Get out. Wait for no one.

I want my kids alive at the end of the day.

What Do Schools Teach Our Kids?

Speaking from personal experience with a number of schools, teachers instruct their students to shelter in place during an active killer event. It’s really not unlike the way we used to prepare for tornadoes, earthquakes or random natural disasters: Get under your desk/a piece of furniture, put your arms over your head, and be quiet.

Kindergarteners duck and cover during an earthquake and tsunami drill Thursday, May 31, 2012 at Blossom Gulch Elementary School in Coos Bay, Ore. (AP Photo/Jeff Barnard)

When it comes to fighting back, our kids are told by school systems to either do nothing or to throw books at them. Is this terrible advice? Not exactly, because if the only choice left is to throw books, you throw the heck out of War and Peace (hopefully here are hefty books like that around). But how many classrooms even have many books in them anymore? Not a lot, and when they do, it tends to be limited to one per student…or less.

So far we have sheltering in place and throwing books. What’s left? Some schools teach the kids to huddle together in the corner of the classroom farthest from the door, which basically makes them one compact target. Does that seem terribly helpful?

Teacher gun Training Shootings
Cindy Bullock, Timpanogos Academy secretary, participates in shooting drills at the Utah County Sheriff’s Office shooting range during the teacher’s academy training, in Spanish Fork Canyon, Utah. (AP Photo/ Rick Bowmer)

What Do School Teach Teachers to Do With Active Killers?

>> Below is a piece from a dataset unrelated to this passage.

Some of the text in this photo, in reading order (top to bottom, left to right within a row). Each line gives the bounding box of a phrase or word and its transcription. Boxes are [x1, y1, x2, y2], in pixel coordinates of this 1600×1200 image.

Although this varies widely by district, the general consensus seems to be that teachers enforce the aforementioned steps for the kids and try to barricade classroom doors. That might mean simply locking the handle, or there might be a built-in door stop that locks into the ground (those are actually somewhat useful). They might be told to turn the lights off and to keep the kids quiet.

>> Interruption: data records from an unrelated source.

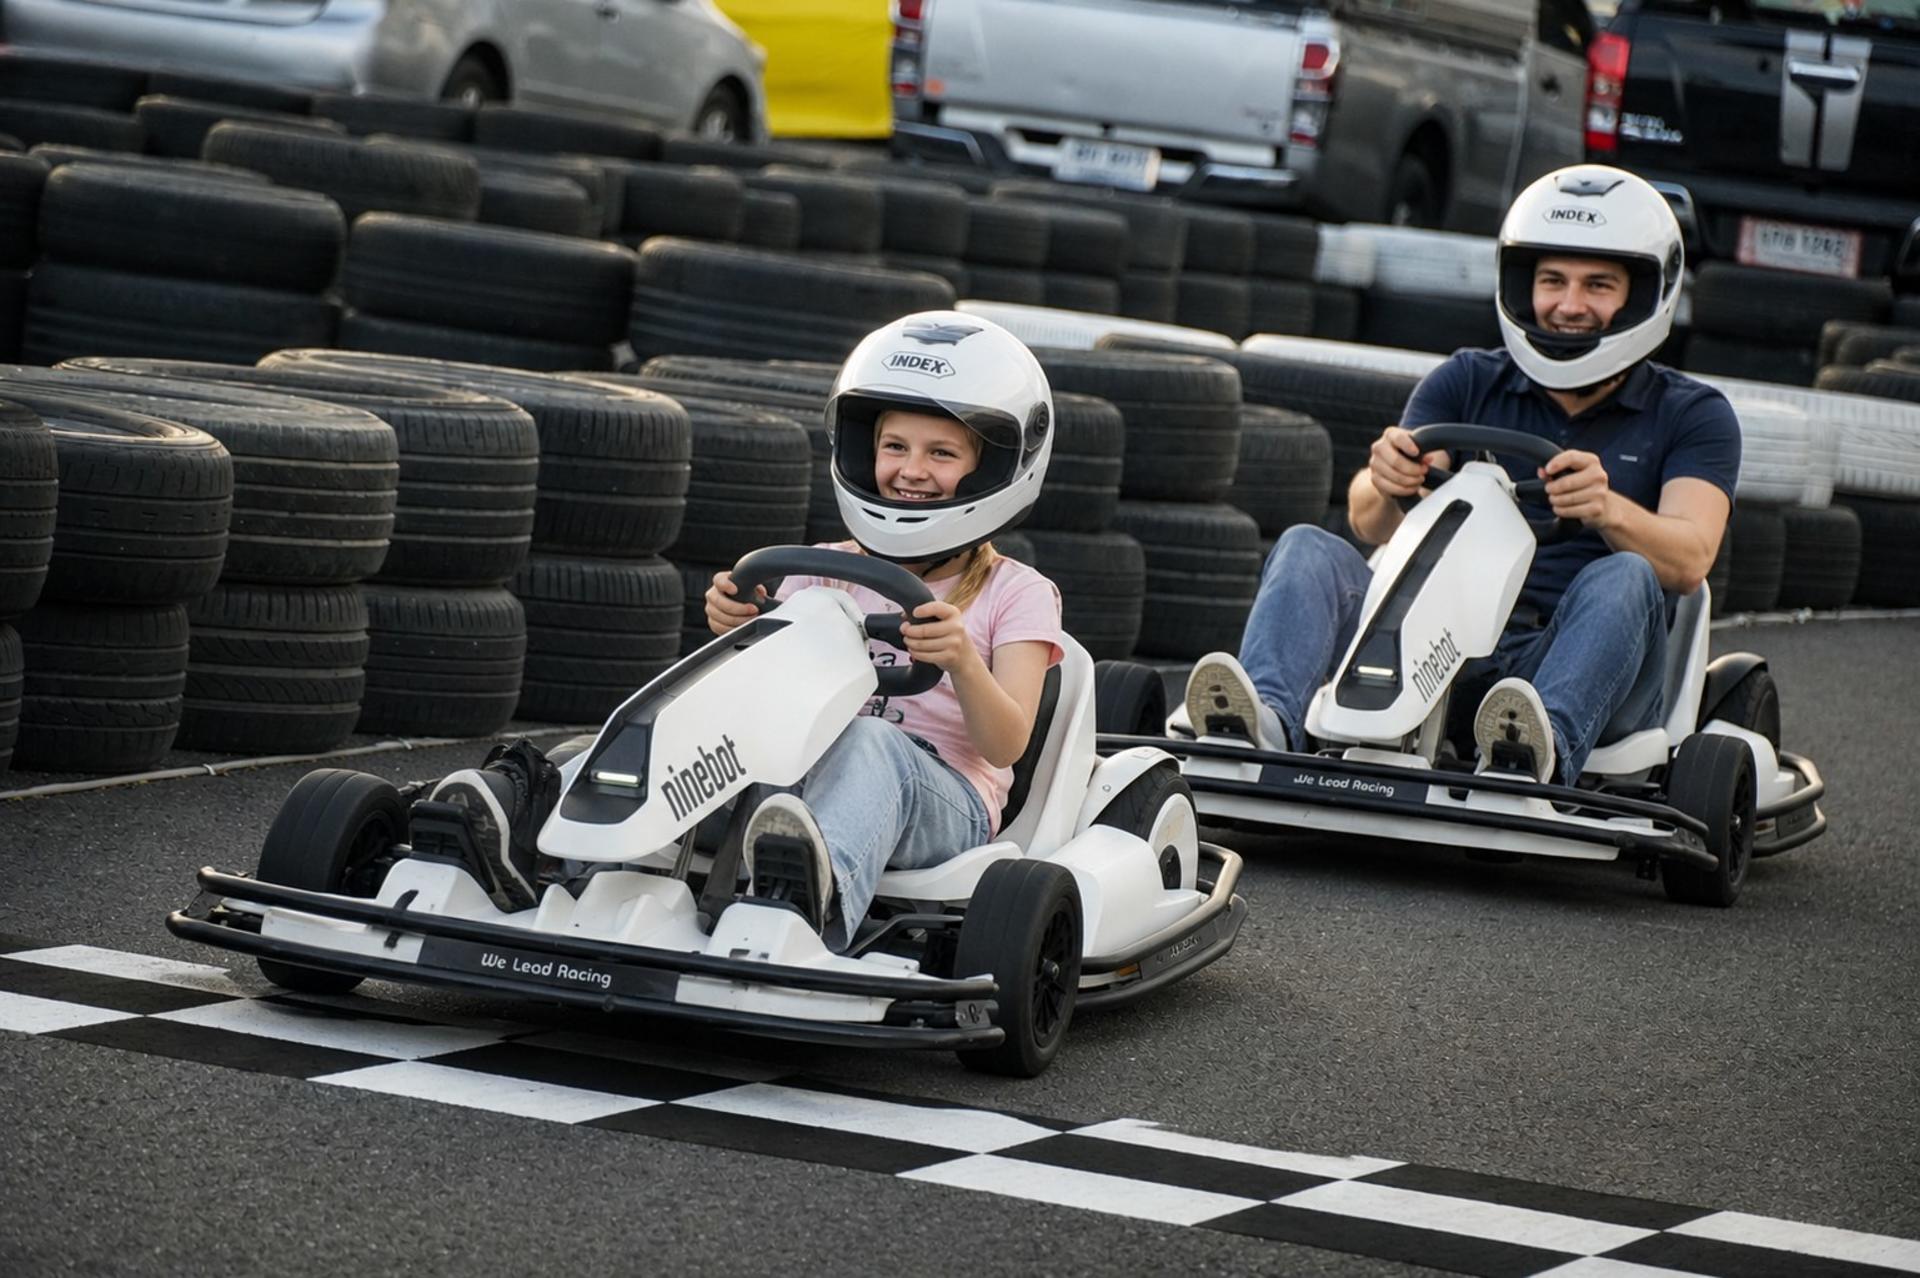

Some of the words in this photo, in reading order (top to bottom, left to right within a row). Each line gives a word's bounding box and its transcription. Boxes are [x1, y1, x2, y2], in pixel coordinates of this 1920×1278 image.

[1551, 209, 1597, 225] INDEX
[890, 354, 946, 374] INDEX
[1412, 626, 1461, 704] ninebot
[661, 733, 747, 822] ninebot
[1318, 775, 1351, 789] Lead
[1352, 779, 1395, 798] Racing
[481, 952, 507, 969] We
[512, 957, 554, 976] Lead
[556, 963, 612, 989] Racing

Did teachers sign up to defend their students from armed psychopaths? No, they did not. So how did this become a hazard of an underpaid job?

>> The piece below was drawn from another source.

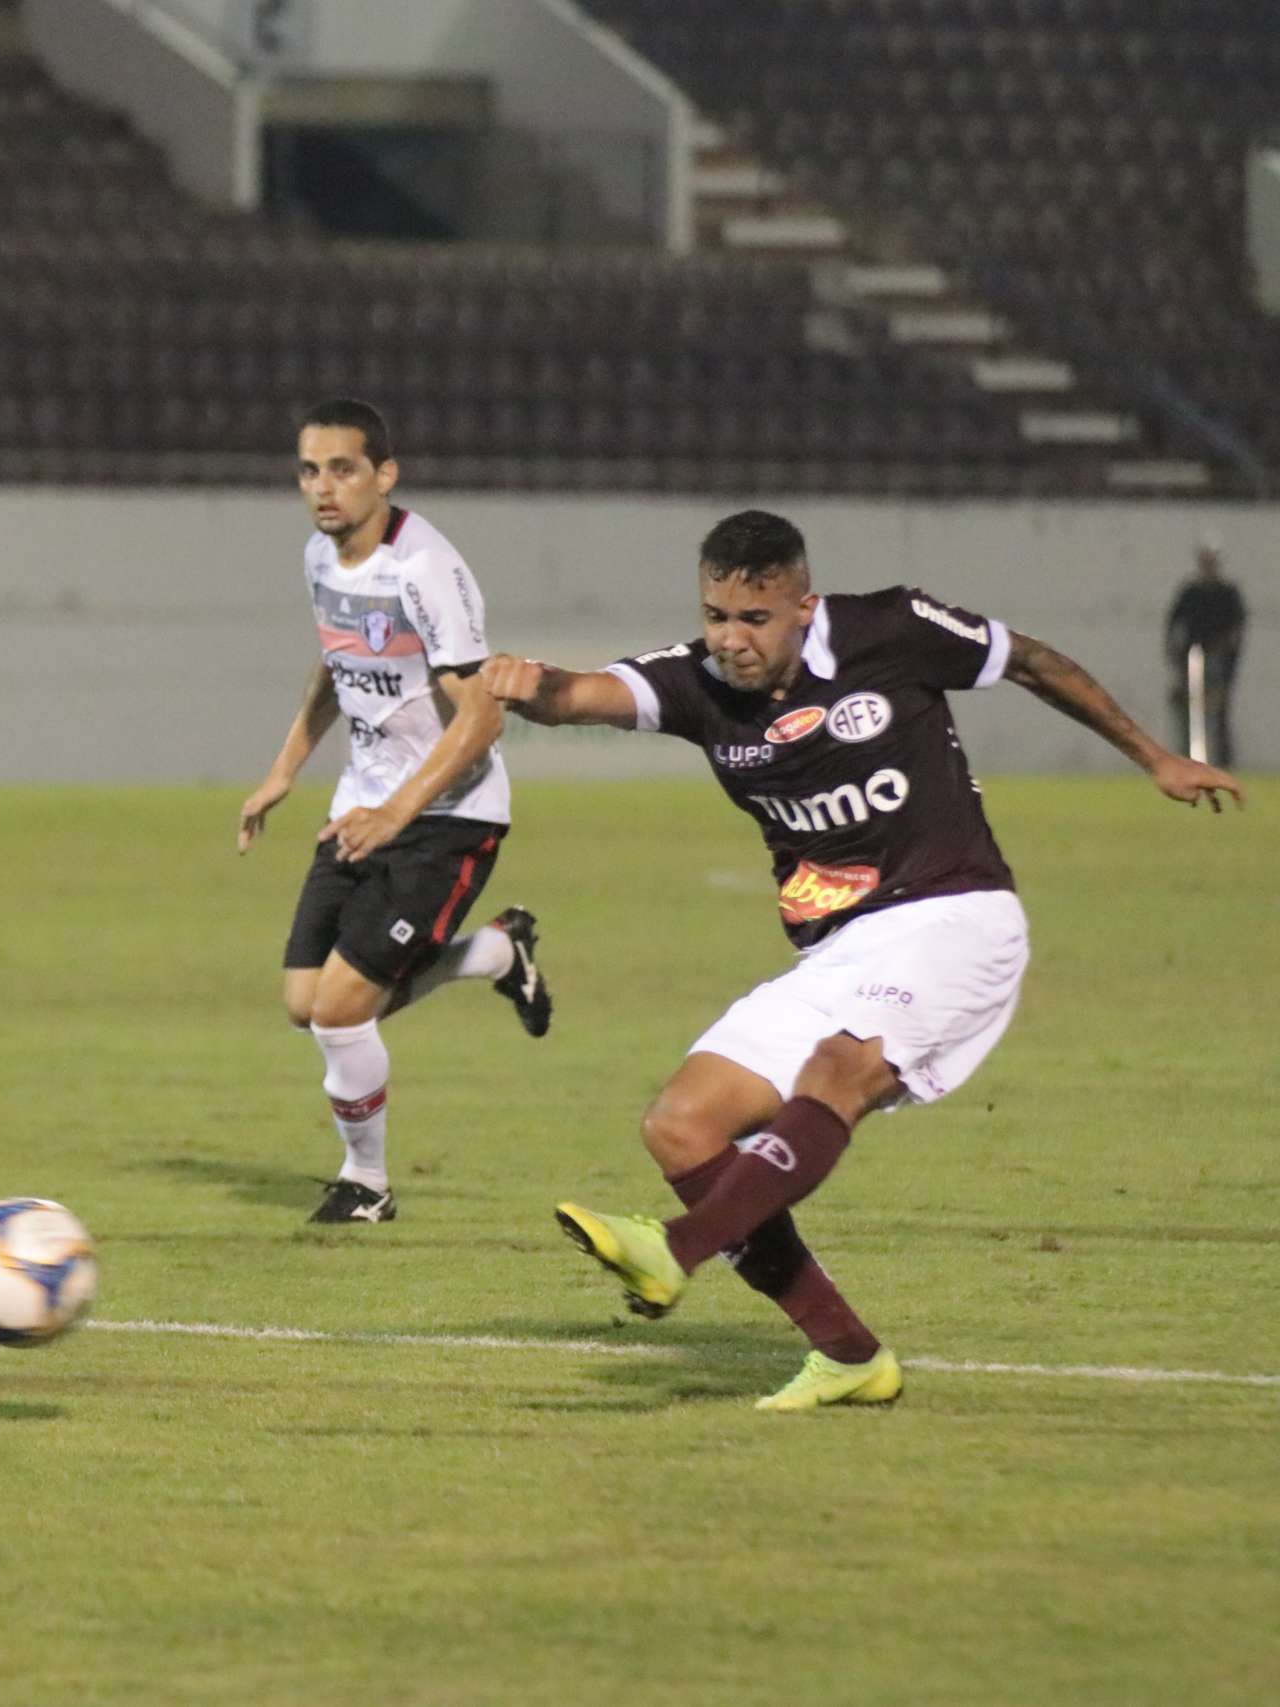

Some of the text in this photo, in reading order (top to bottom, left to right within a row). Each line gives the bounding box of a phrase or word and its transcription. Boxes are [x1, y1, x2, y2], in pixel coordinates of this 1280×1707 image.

[833, 699, 884, 736] AFE
[713, 742, 774, 762] LUPO
[856, 983, 914, 1005] LUPO

Signage at a school in Texas, letting people know the staff is armed. NOT a soft target. (Photo credit: Argyle ISD)

Schools are Soft Targets

The primary reason schools are targeted is because schools are largely soft targets. At most, they might have a security vestibule — something that was apparently disengaged at Robb Elementary in Uvalde — or maybe they have an on-campus guard or resource officer. We know how guards can operate (think Broward County).

Schools have been crafted into gun-free zones full of easy, inexperienced young targets whose parents would rather cherish their innocence than give them the tools to protect their lives.

If you’re going to commit mass murder, would you rather attack a police station full of armed cops or a school full of kids who can’t fight back? Mass murderers are cowards at heart, so the answer to that is easy. Active killers hit soft targets. Schools. Churches. Movie theaters. Whatever will get them the greatest notoriety with the least of being injured or killed before they’re finished.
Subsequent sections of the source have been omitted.